In 1835, Esteban Pichardo, in his dictionary of Cuban voices defined tango as a meeting of blacks born in Africa to dance to the sound of drums.
In Buenos Aires they called tango to the houses where the black performed their dances.
At the beginning of the nineteenth century the town hall of Montevideo certified the presence of candombes to which it called indistinctly tambos or tangos, prohibiting them for the sake of public morality, and severely, punishing its practitioners.
By 1899 the dictionary of the Spanish Royal Academy added a second definition, celebration and dance of blacks or town folks in America.
The use of the word tango also has origins in some African towns. The slave driver called tango the rendezvous points of slaves in Africa and America.
The Argentine society remained relatively unchanged until 1860 as far as great transformations of the population. It was averse to changes and it had inherited from Spain its conservative nature. The traditional idea was that the nobles couldn’t engage in manual labor, and besides leisure, they ought to dedicate themselves to religious or military activities.
When the children of these native Spaniards took over the governmental functions after the revolution of 1810, they could not change the deep ideology of the dominant class and they only could produce to the social structure lawyers, doctors, clergymen or businessmen.
This brought upon the idea of seeking the arrival of European contingents who could sustain the Argentine development.
The constitutional text of 1853 indicated, “the federal government would foment European immigration and may not restrict, limit nor burden with taxes the entrance in the Argentine territory of foreigners who come to work the land, improve the industries and introduce the sciences and the arts.”
That ingenuous vision of immigration faced reality real soon. The idyllic Europeans that incarnated the values of the civilization did not choose the path of immigration. Those who risked a trip of such magnitude to look for a better destiny were those because of their enormous misery left extremely poor places like Galicia in Spain, Naples, Genoa and the island of Sicily in Italy.
Instead of cult Florentines able to enjoy the works of the Dante, or Spaniards readers of Don Quijote, the souls who arrived in Buenos Aires were generally illiterates, without profession nor trade, who had not had any contact with the millenarian cultures of their countries.

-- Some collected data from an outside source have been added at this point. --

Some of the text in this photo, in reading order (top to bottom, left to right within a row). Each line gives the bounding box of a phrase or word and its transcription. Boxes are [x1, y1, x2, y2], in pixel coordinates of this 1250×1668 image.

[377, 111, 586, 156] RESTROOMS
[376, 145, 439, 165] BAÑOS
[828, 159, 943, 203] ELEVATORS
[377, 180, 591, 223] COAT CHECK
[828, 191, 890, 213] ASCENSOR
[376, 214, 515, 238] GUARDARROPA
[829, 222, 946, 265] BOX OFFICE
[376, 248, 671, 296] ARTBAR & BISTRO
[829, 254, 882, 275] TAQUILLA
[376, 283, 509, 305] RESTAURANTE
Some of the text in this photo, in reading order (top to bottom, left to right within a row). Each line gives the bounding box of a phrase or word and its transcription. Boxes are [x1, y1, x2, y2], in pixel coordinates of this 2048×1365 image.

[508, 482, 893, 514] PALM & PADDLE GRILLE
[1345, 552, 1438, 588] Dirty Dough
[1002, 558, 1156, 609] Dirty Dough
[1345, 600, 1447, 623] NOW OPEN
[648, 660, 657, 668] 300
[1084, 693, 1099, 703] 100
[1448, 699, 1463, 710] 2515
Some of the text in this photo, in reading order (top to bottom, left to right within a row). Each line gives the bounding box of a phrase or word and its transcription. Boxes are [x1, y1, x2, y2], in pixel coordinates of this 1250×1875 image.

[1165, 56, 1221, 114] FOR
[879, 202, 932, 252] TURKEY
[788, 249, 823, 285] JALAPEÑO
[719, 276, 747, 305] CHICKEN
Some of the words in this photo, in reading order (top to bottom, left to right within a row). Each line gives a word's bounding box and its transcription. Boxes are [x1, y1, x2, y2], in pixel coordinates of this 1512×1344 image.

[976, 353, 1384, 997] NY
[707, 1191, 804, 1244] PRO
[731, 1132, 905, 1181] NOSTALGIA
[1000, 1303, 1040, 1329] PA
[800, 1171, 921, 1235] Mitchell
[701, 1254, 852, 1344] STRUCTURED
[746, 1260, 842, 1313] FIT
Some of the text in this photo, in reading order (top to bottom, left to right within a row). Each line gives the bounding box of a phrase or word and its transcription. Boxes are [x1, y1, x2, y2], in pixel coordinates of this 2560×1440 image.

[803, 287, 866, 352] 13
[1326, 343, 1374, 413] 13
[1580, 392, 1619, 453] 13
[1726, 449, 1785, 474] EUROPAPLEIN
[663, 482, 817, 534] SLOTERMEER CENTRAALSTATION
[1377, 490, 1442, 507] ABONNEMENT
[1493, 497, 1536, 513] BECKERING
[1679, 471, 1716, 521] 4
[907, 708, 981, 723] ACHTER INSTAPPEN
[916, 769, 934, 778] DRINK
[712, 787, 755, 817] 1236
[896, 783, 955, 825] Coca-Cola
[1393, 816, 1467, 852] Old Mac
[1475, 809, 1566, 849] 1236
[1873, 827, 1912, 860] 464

They were men for whom the museums were places prohibited like they were for the gauchos of the Pampas, men who faced a feudal social structure where the land was already distributed among the hands of a few landowners.
The reaction of the oligarchy to the potential political effect of these popular masses was to persecute them. Many displeased immigrants returned to their countries. Others, in spite of being the targets of ridicule and tirades stayed. They did not have another option. They became Argentines and built the country.
They also gave the tango their enormous contribution. They made it nostalgic and melancholic, as the uprooting always is.
Thus, as the Spaniards brought to Argentina their taste for the theater, the Italians contributed their musical passion, their good ear and theirs love for singing.